Tuesday, August 19, 2008

The Idea of the New

By: Rob Barnard

“Everything made not is either a replica or variant of something made a little time ago and so on back without break to the first morning of human time.” George Kubler

The problems facing contemporary ceramic art are the same problems that face contemporary art in general. There is one difference though and that is that contemporary fine art, regardless of its problems holds the predominant position among all the visual arts in Western culture. That is to say it is the most celebrated-it is collected by more people, commands higher prices and has more institutions devoted to reinforcing its role in culture. While ceramic art has history that is every bit as rich and has played just as important a role in the world’s cultures as painting and sculpture, modern ceramic art is not taken as seriously by contemporary culture as painting and sculpture. The desire by modern ceramics to be seen as an art form that is just as significant as painting and sculpture has been its driving goal since the end of the Second World War. Modern ceramic art wants, in other words, what fine arts has. There is, however, some confusion and tension within the field between, on the one hand, the goal of being accepted into fine arts as a separate but equal partner, and on the other the desire to hold on to the iconography of its history while still making work that speaks to what it means to be human in the twenty-first century. One of the major issues that define the debates in the ceramics field as to what type of ceramic expression is the most relevant in modern culture can be traced to a larger cultural issue. And that is the idea of the new. Part of the problem for both the fine arts and the ceramic arts is that the idea of the new presupposes that “progress” is linear-new styles and approaches eclipse previous ones until they themselves are replaced. This perception leaves room for only one type of ceramic art occupying a predominant position in culture at any given moment.
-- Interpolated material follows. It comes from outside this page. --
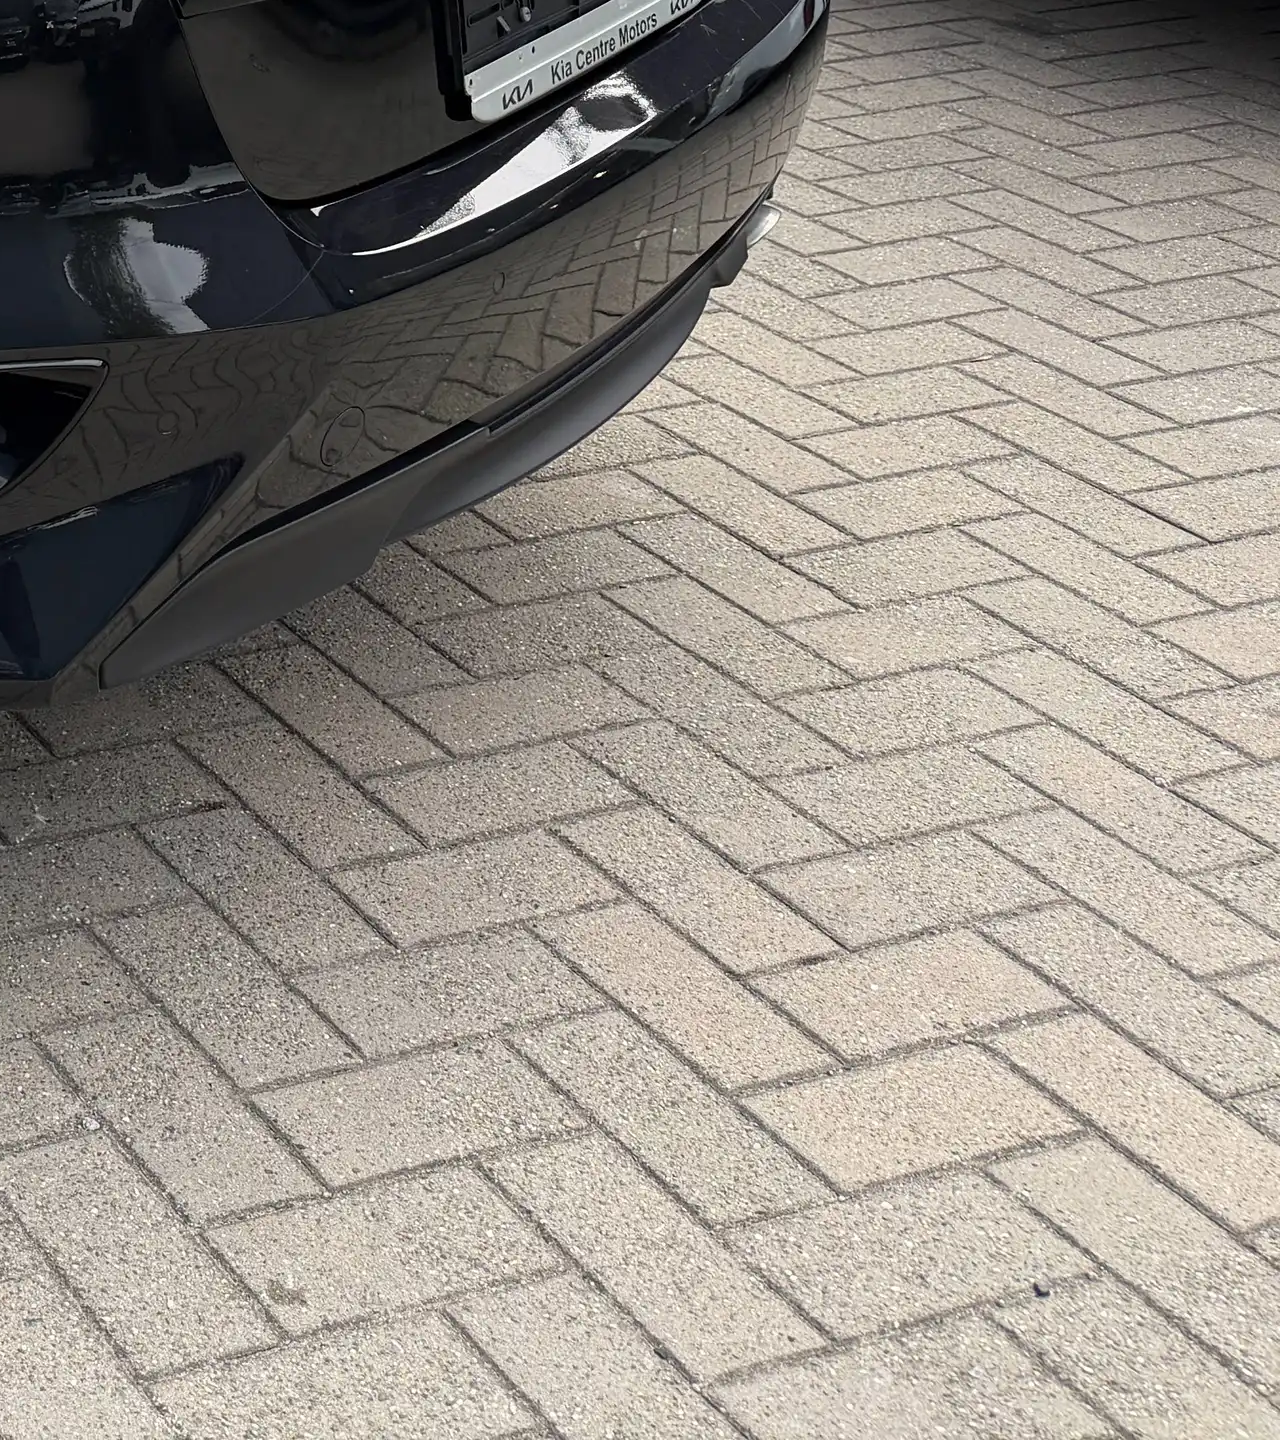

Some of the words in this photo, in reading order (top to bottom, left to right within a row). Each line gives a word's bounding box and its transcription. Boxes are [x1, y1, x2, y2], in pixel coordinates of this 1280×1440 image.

Human beings are fixated with the idea of the “new.” The idea of “newness” as a marketing tool runs across cultures. We are told we can find happiness in new relationships, and new environments. Inherent in the idea of the “new” is an escape from our present predicament to one that is more pleasurable and more secure. The United States is a country that was built on this premise. There is of course, a reason that this idea is powerful. It is at the core of out evolution as a species and is what gives human beings not only hope for their future, but also hope for the future of their offspring as well. So, what about the idea of the “new” – when it comes to ceramic art, how do we measure “newness”, what are its qualities? Is it a worthwhile pursuit even?

Monday, August 18, 2008

Historical Frame Work

Arts and Crafts Movement

In the mid-to-late nineteenth century, with the advent of industry, people migrated from farm to city for employment in factories. After centuries of working the land, humankind was suddenly yanked away from it, and lost touch with its cycles, its beauty, and its power. Englishmen William Morris (1834 – 1896) and John Ruskin (1819 – 1900) believed this to be a serious problem, one that art could help to remedy. Their ideas launched the Arts and Crafts Movement and took physical form in interior that referenced nature and shunned the ugliness of the industrial environment. Morris and Ruskin championed a return to hand-craftsmanship and to times past, which they saw as steps towards a new social agenda, one based on the hope that beautiful domestic interiors would foster responsible citizenry.

The Arts and Crafts Movement took hold in the U.S. just after the turn of the twentieth century. Architect Frank Lloyd Wright (1867 – 1959), who designed architecture and furnishings as a singular expression, is often associated with the Movement. Art potteries sprang up all around the country, and included Rookwood in Ohio, Newcomb in Louisiana, and Van Briggle in Colorado, to name just a few. At man of these art kilns decorators, who were often woman, hand-painted mass-produced blanks that had bee cast in molds. Thus, multiples were the literal underpinning of Arts and Crafts ceramics in the U.S., even if they were antithetical to the English Movement’s original theoretical agenda. In another ironic twist, the decorators often sat in rows, like factory workers

Post-World War II Studio Crafts Movement in the U.S.

Most of the American Arts and Crafts potteries went into decline between the World Wars, and the post-war Studio Craft Movement filled a void that potteries left behind. This coincided with the rise of ceramics departments in universities in the U.S. and with the consideration of clay as a legitimate material for the creation of fine art. This art-for-art’s sake demand suitable exhibition veues. Whereas the products of the Arts and Crafts potters and decorators were sold in local five-and-dime stores and in department stores, post-war ceramic artists regarded fine art galleries and museums as their venues for interface with the public and the art market. When the Museums of Modern Art presented Peter Voulkous’s (1924 – 2002) solo show in 1960, one of the most respected institutional gatekeepers in the world permitted entrĂ©e to contemporary ceramics.